## [What this task involves]
Reproduce the listing word for word. Skip any image.
Segment Open
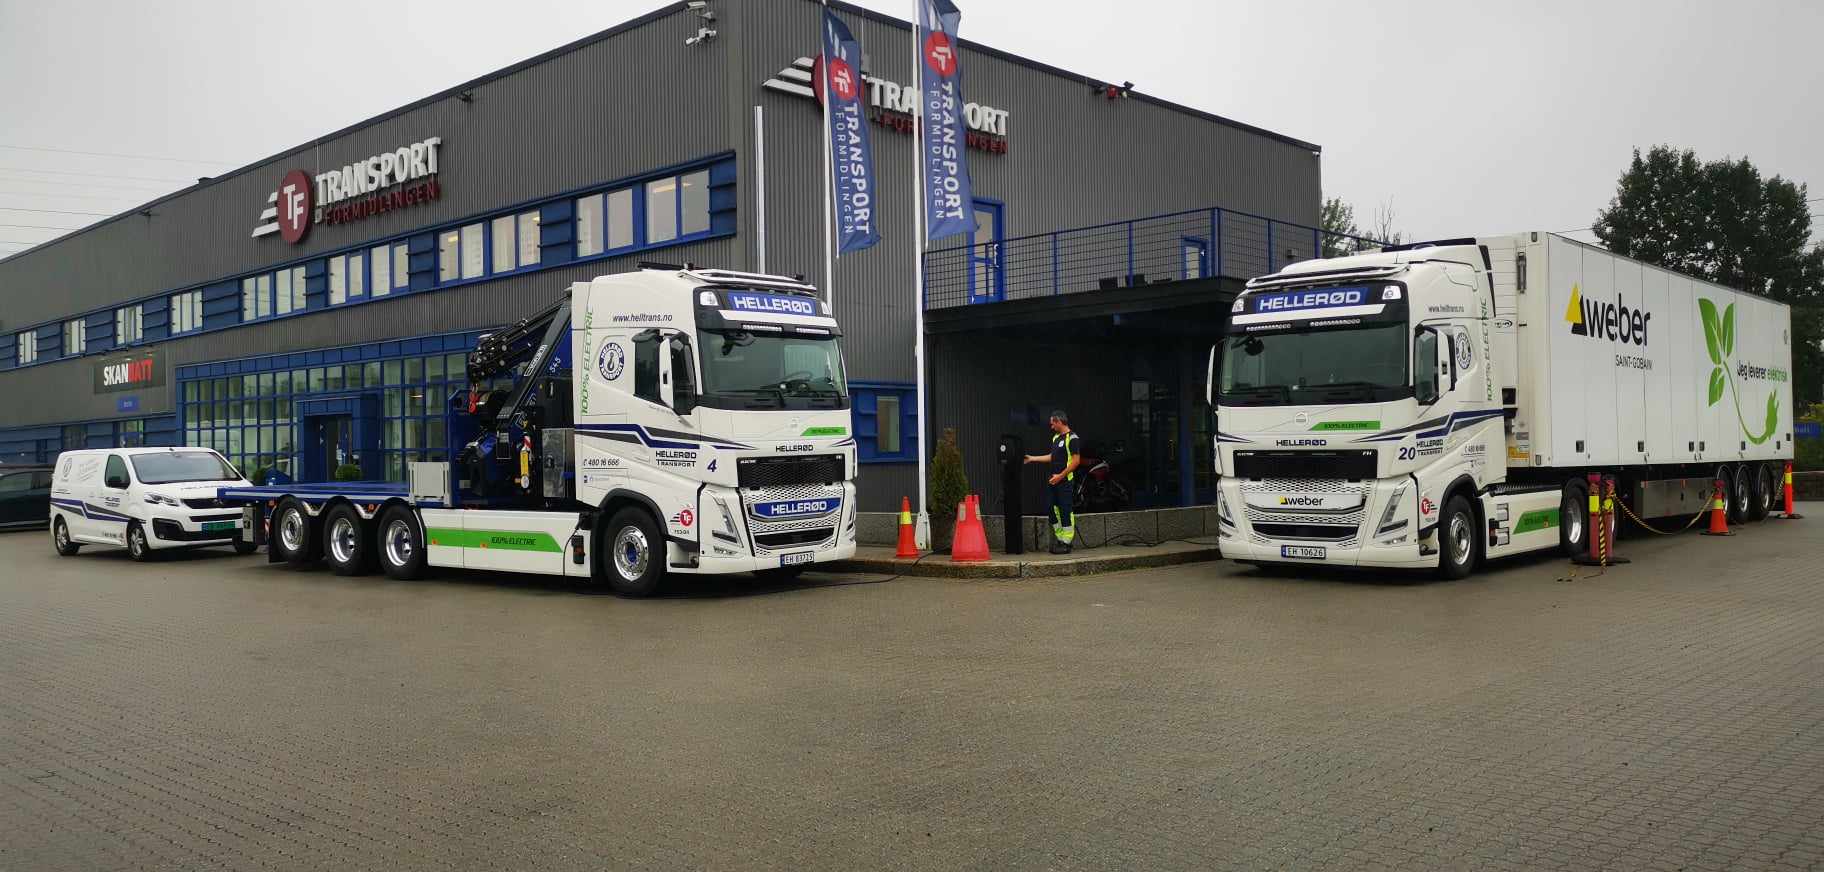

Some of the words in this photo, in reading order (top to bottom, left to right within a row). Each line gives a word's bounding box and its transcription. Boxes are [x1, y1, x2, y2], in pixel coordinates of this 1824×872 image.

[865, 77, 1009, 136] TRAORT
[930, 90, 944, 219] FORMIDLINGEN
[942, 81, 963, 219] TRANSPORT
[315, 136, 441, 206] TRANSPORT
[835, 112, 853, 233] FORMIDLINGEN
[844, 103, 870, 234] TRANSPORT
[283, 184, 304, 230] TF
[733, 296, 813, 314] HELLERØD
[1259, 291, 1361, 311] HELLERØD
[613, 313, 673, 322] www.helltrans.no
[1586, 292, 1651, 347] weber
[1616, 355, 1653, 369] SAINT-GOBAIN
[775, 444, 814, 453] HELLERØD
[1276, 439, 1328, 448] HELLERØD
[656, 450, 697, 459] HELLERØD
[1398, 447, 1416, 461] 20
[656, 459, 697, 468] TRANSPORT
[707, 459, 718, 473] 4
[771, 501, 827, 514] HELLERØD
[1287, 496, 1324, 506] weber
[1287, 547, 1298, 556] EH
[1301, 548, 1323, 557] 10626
Segment Closed
## [Result of this task]
Some of the words in this photo, in reading order (top to bottom, left to right within a row). Each line gives a word's bounding box and its transcription. Boxes are [x1, y1, x2, y2], in pixel coordinates of this 1824×872 image.

[865, 77, 1009, 136] TRAORT
[930, 90, 944, 219] FORMIDLINGEN
[942, 81, 963, 219] TRANSPORT
[315, 136, 441, 206] TRANSPORT
[835, 112, 853, 233] FORMIDLINGEN
[844, 103, 870, 234] TRANSPORT
[283, 184, 304, 230] TF
[733, 296, 813, 314] HELLERØD
[1259, 291, 1361, 311] HELLERØD
[613, 313, 673, 322] www.helltrans.no
[1586, 292, 1651, 347] weber
[1616, 355, 1653, 369] SAINT-GOBAIN
[775, 444, 814, 453] HELLERØD
[1276, 439, 1328, 448] HELLERØD
[656, 450, 697, 459] HELLERØD
[1398, 447, 1416, 461] 20
[656, 459, 697, 468] TRANSPORT
[707, 459, 718, 473] 4
[771, 501, 827, 514] HELLERØD
[1287, 496, 1324, 506] weber
[1287, 547, 1298, 556] EH
[1301, 548, 1323, 557] 10626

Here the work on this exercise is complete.